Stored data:
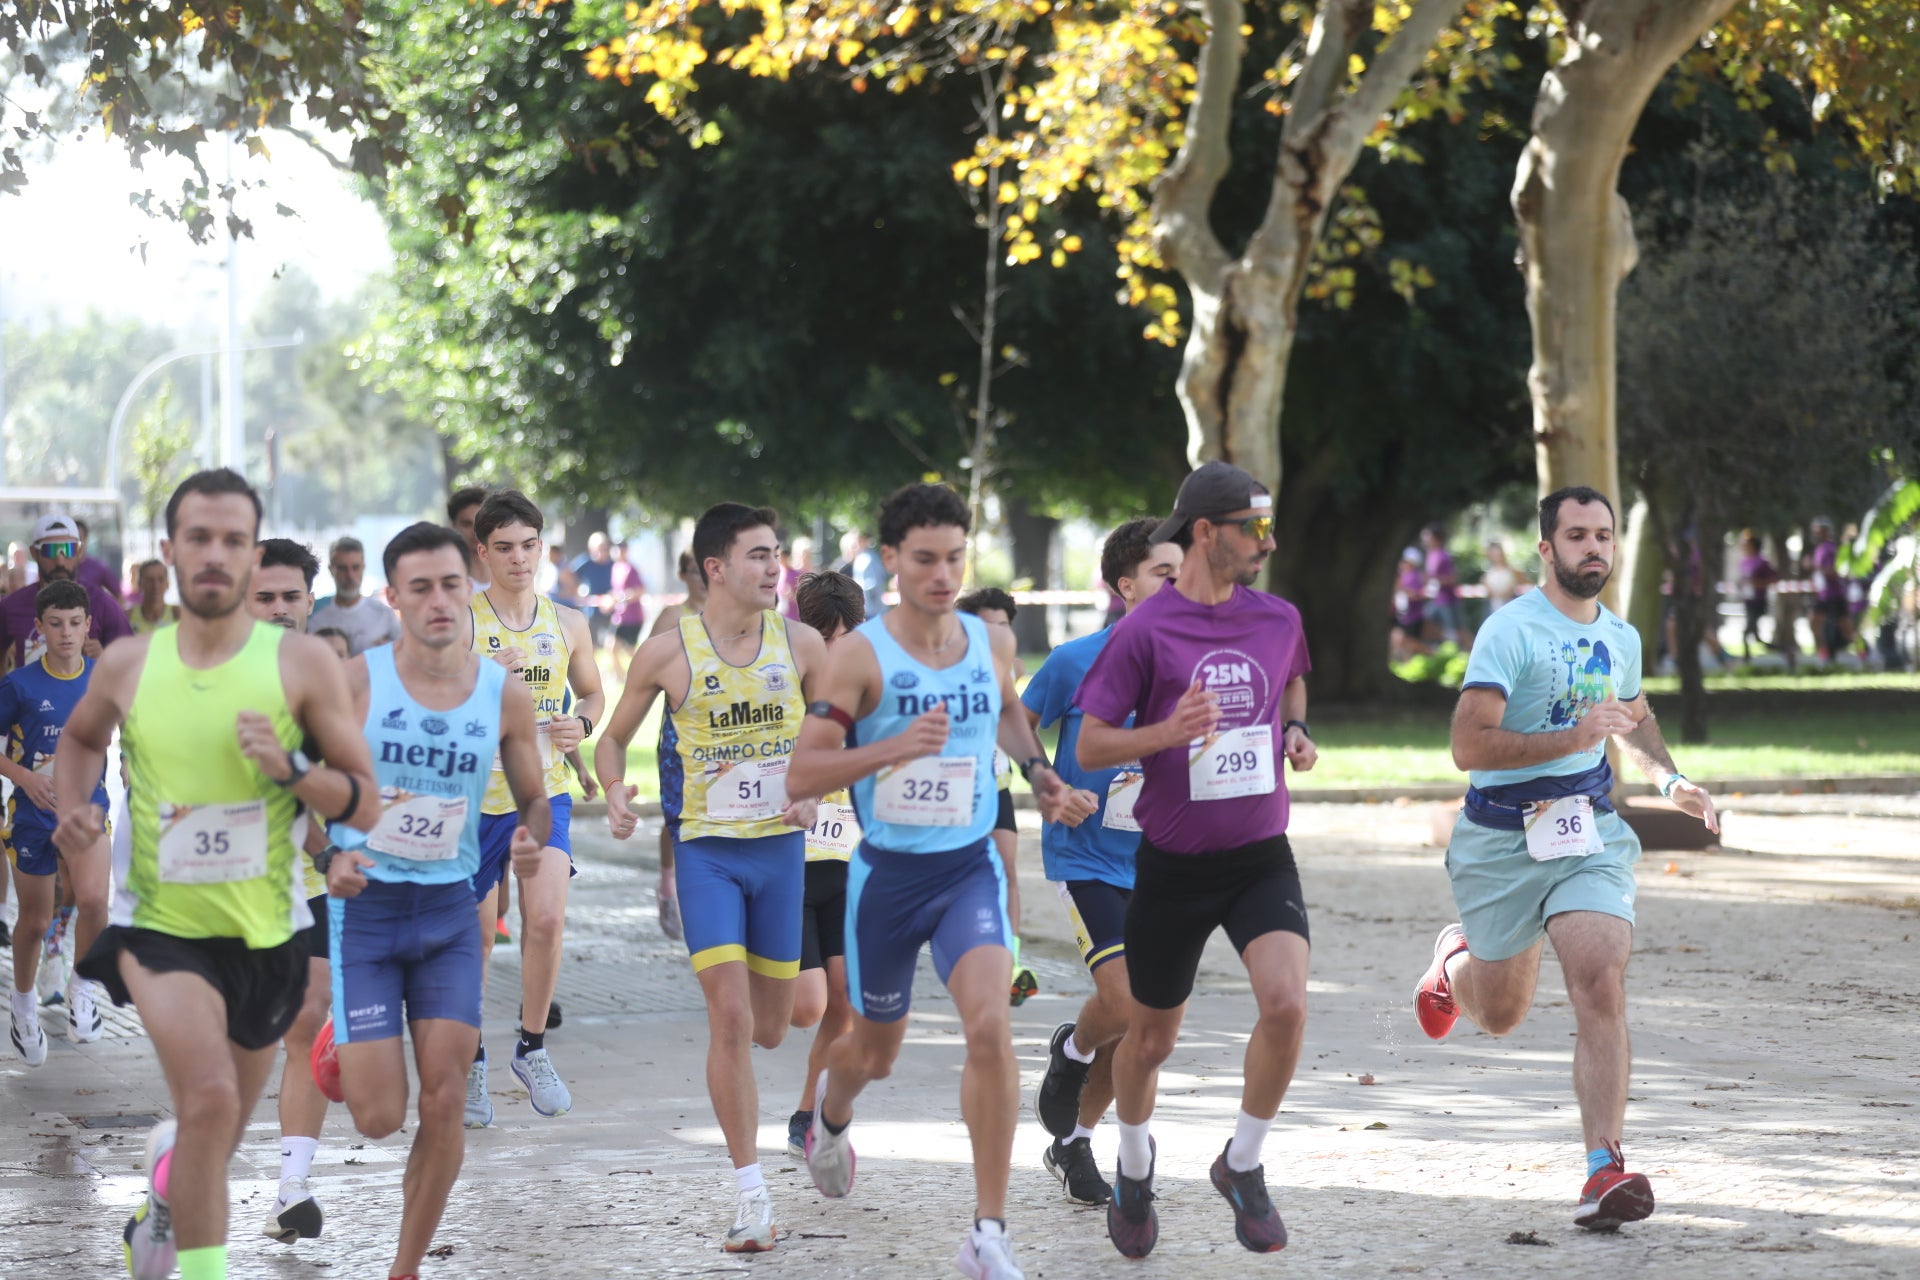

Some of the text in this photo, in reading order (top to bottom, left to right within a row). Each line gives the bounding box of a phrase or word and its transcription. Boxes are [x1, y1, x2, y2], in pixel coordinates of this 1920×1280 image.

[1203, 662, 1251, 686] 25N
[709, 701, 784, 729] LaMafia
[896, 683, 990, 723] nerja
[379, 740, 478, 778] nerja
[692, 735, 799, 761] OLIMPO CÁDI
[757, 759, 786, 769] CARRERA
[1216, 750, 1257, 775] 299
[392, 775, 463, 796] ATLETISMO
[738, 779, 761, 800] 51
[902, 778, 949, 802] 325
[399, 814, 444, 839] 324
[1556, 815, 1582, 836] 36
[195, 831, 230, 855] 35
[349, 1003, 387, 1018] nerja

▶ _AIM OF THE TASK_
Please restate each entry exactly, but drop any picture it holds.

▶ _ANSWER SPACE_
Some of the text in this photo, in reading order (top to bottom, left to right within a row). Each line gives the bounding box of a phrase or word and its transcription. Boxes are [x1, y1, x2, y2], in pixel coordinates of this 1920×1280 image.

[1203, 662, 1251, 686] 25N
[709, 701, 784, 729] LaMafia
[896, 683, 990, 723] nerja
[379, 740, 478, 778] nerja
[692, 735, 799, 761] OLIMPO CÁDI
[757, 759, 786, 769] CARRERA
[1216, 750, 1257, 775] 299
[392, 775, 463, 796] ATLETISMO
[738, 779, 761, 800] 51
[902, 778, 949, 802] 325
[399, 814, 444, 839] 324
[1556, 815, 1582, 836] 36
[195, 831, 230, 855] 35
[349, 1003, 387, 1018] nerja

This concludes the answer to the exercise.